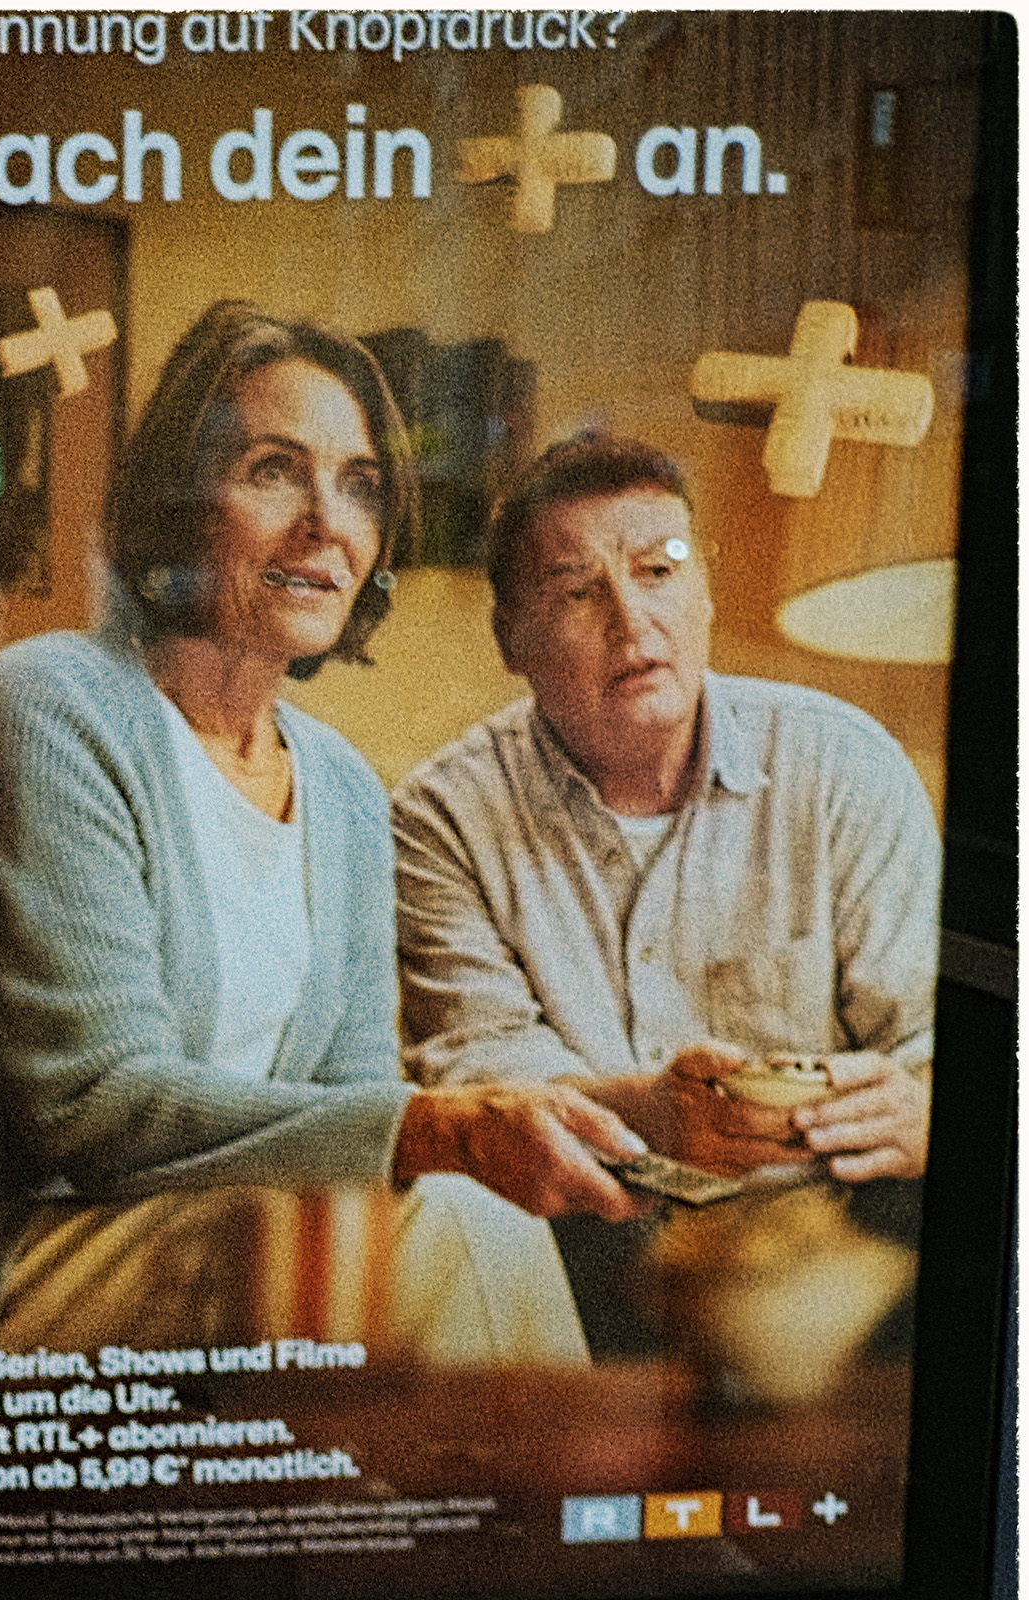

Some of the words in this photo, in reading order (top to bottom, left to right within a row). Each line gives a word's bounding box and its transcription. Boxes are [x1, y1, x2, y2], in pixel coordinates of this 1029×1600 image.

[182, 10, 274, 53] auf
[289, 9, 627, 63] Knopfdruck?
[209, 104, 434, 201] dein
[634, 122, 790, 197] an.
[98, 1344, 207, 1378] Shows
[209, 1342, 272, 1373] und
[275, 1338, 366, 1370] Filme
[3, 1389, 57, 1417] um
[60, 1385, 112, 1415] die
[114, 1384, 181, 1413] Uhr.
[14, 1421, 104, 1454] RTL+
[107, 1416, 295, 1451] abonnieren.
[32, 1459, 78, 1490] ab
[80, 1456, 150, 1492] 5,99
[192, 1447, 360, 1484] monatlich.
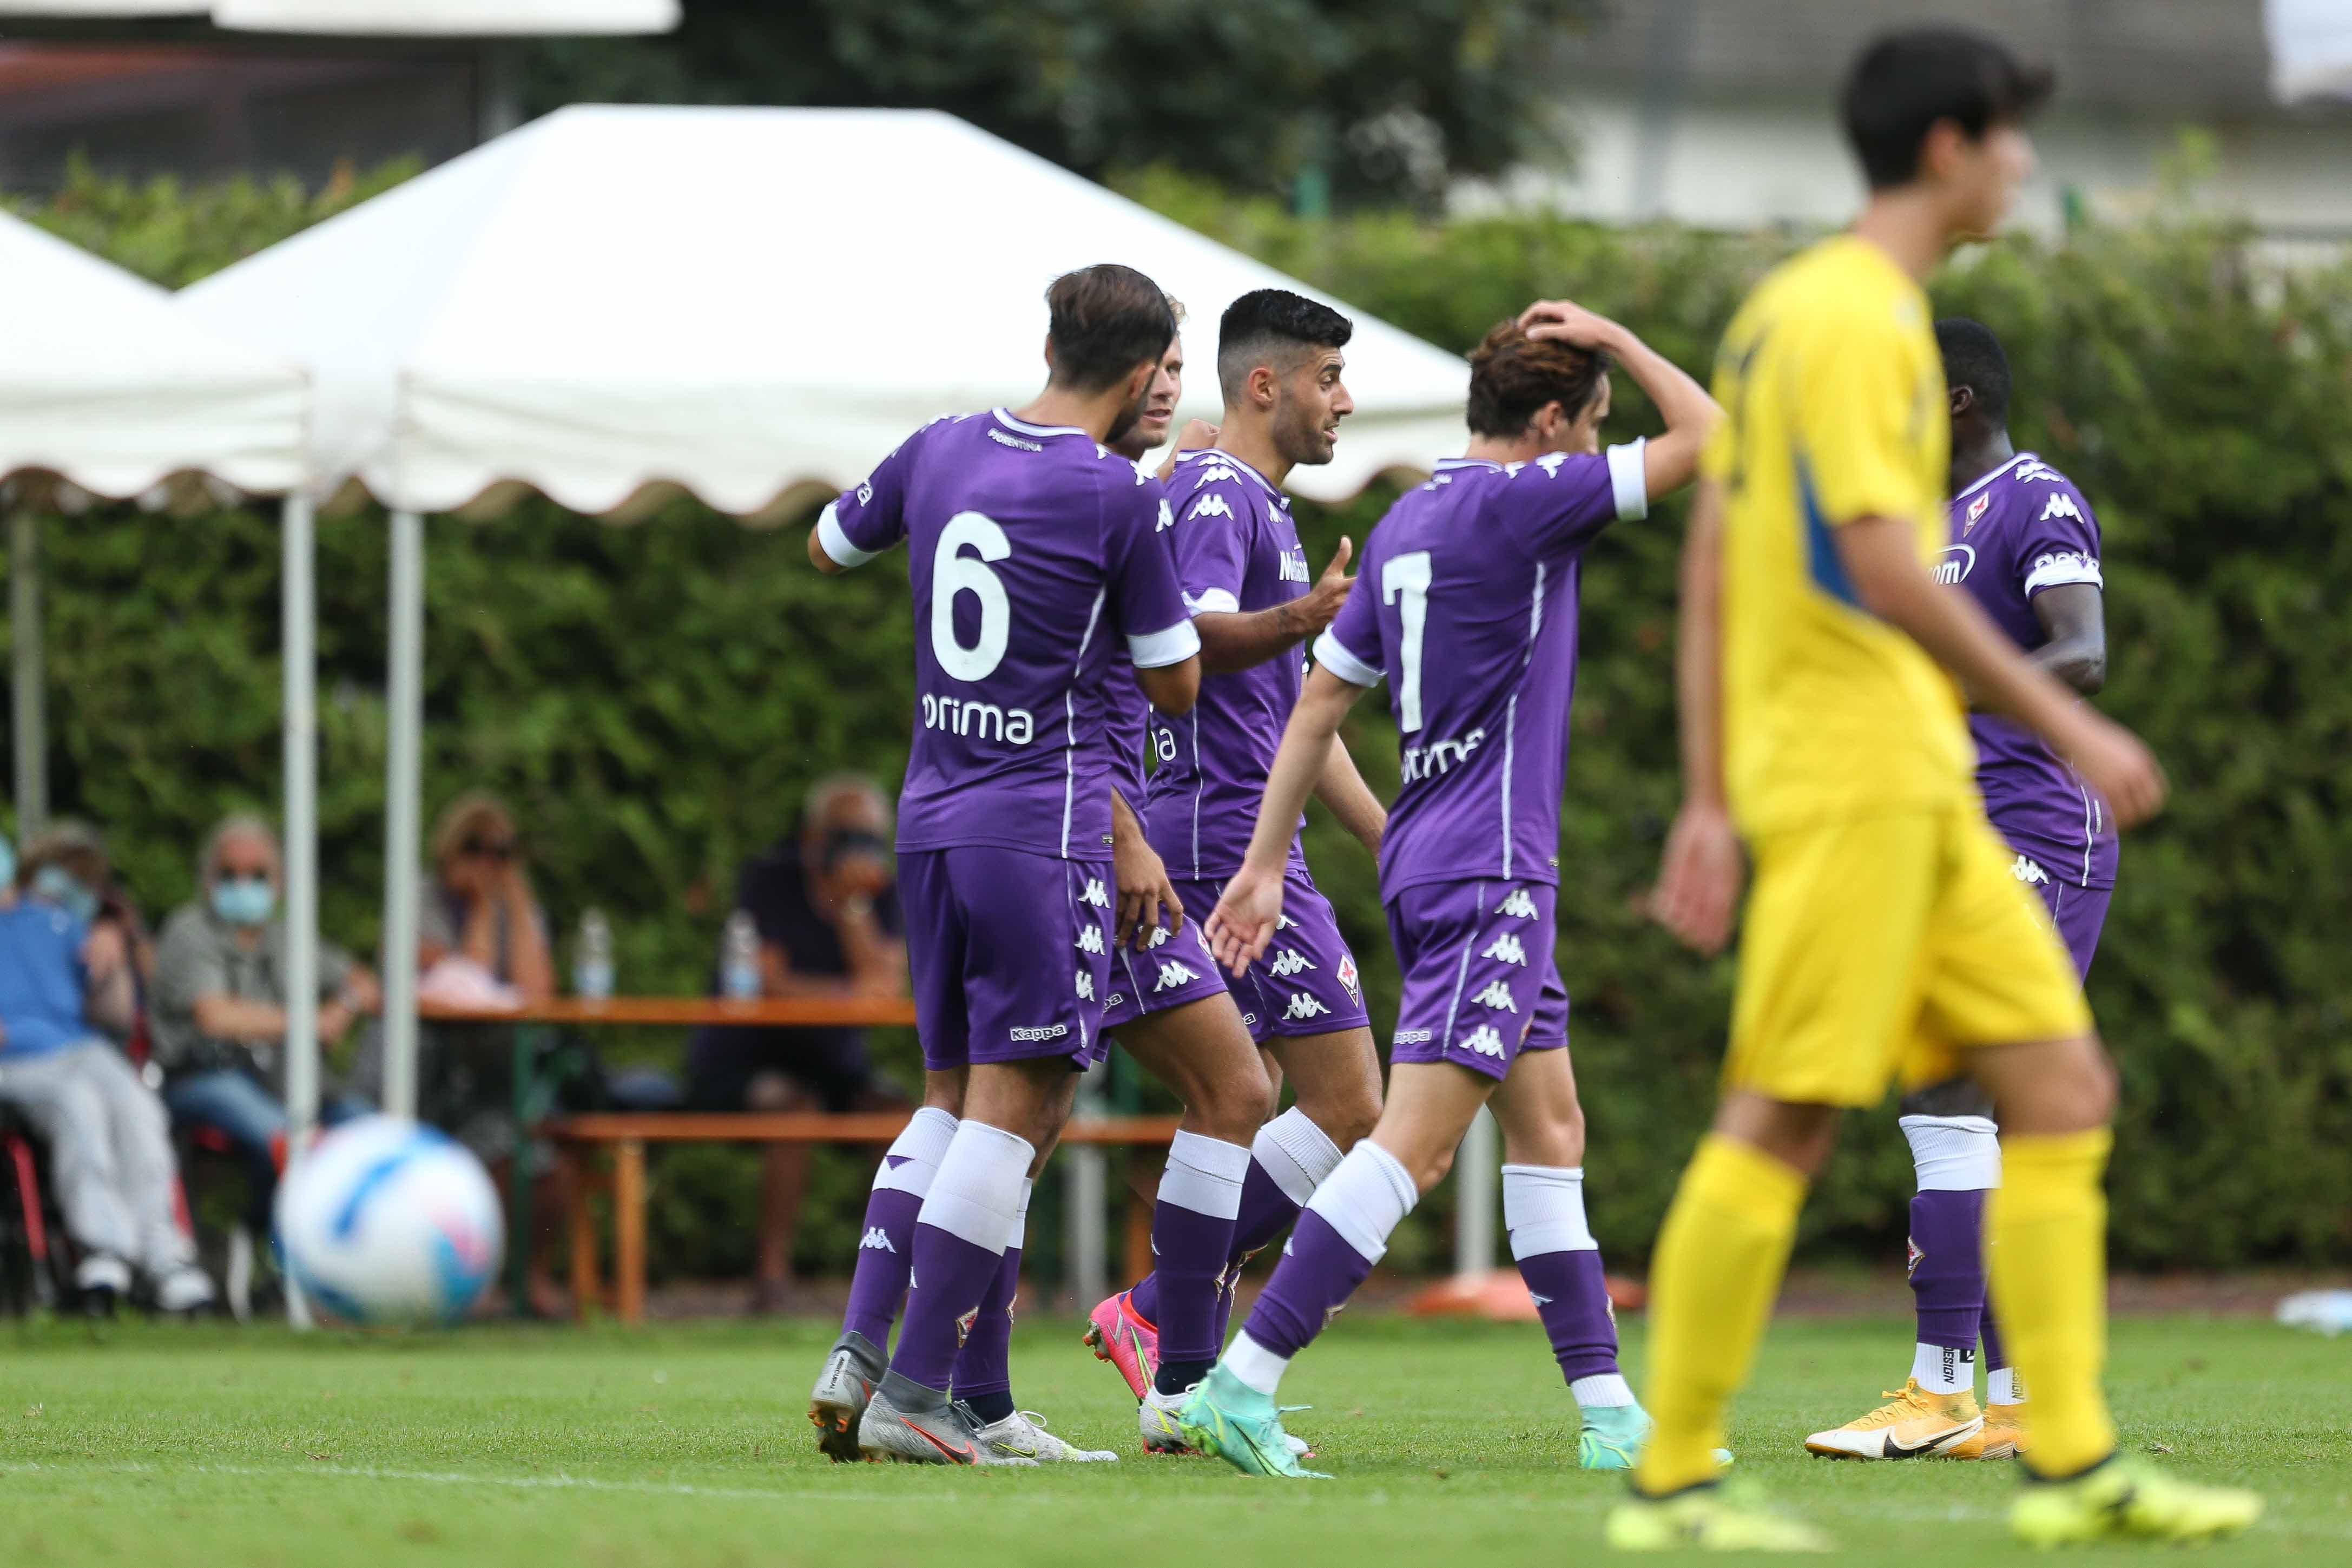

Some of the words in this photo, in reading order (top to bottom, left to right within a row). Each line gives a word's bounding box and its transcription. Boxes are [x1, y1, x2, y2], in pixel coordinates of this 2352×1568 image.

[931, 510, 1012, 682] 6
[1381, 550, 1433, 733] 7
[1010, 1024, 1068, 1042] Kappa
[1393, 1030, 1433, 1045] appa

Task brief: A verbatim copy of the records above, without pictures, is required.

Solution for this task:
Some of the words in this photo, in reading order (top to bottom, left to right within a row). Each line gives a word's bounding box and its transcription. Boxes are [x1, y1, x2, y2], in pixel coordinates of this 1029×1600 image.

[182, 10, 274, 53] auf
[289, 9, 627, 63] Knopfdruck?
[209, 104, 434, 201] dein
[634, 122, 790, 197] an.
[98, 1344, 207, 1378] Shows
[209, 1342, 272, 1373] und
[275, 1338, 366, 1370] Filme
[3, 1389, 57, 1417] um
[60, 1385, 112, 1415] die
[114, 1384, 181, 1413] Uhr.
[14, 1421, 104, 1454] RTL+
[107, 1416, 295, 1451] abonnieren.
[32, 1459, 78, 1490] ab
[80, 1456, 150, 1492] 5,99
[192, 1447, 360, 1484] monatlich.

Some of the words in this photo, in reading order (top to bottom, left to right within a row). Each line gives a word's bounding box and its transcription. Boxes are [x1, y1, x2, y2], in pixel coordinates of this 2352×1568 image.

[931, 510, 1012, 682] 6
[1381, 550, 1433, 733] 7
[1010, 1024, 1068, 1042] Kappa
[1393, 1030, 1433, 1045] appa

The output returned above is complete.